Because the copy must hold no pictures, return the data below with all of its words intact.

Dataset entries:
◆ ◆ ◆
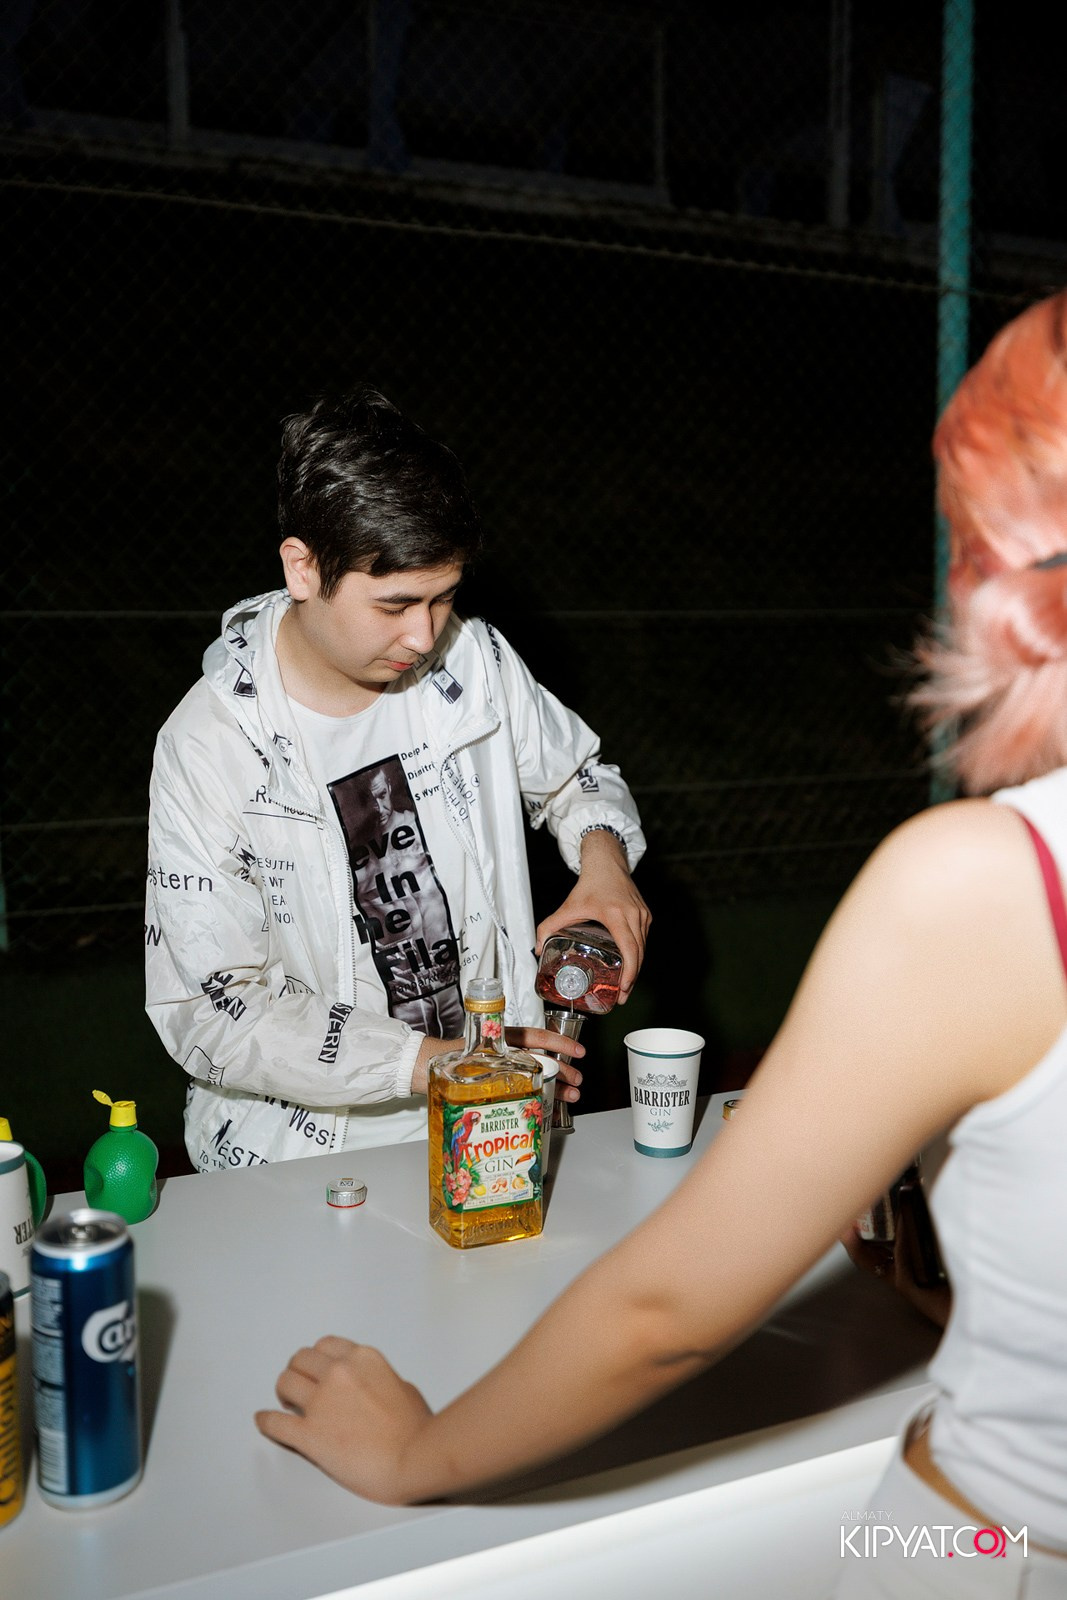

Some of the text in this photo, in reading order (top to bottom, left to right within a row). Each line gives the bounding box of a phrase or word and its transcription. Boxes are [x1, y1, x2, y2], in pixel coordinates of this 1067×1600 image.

[375, 870, 421, 904] In
[633, 1086, 690, 1108] BARRISTER
[649, 1108, 672, 1117] GIN
[480, 1118, 520, 1133] BARRISTER
[460, 1129, 535, 1168] Tropical
[484, 1158, 514, 1173] GIN
◆ ◆ ◆
OUTPUT FOR THIS TASK
Some of the text in this photo, in reading order (top to bottom, left to right within a row). Each line gives the bounding box of a phrase or word and its transcription. Boxes are [x1, y1, x2, y2], in pixel coordinates of this 1067×1600 image.

[375, 870, 421, 904] In
[633, 1086, 690, 1108] BARRISTER
[649, 1108, 672, 1117] GIN
[480, 1118, 520, 1133] BARRISTER
[460, 1129, 535, 1168] Tropical
[484, 1158, 514, 1173] GIN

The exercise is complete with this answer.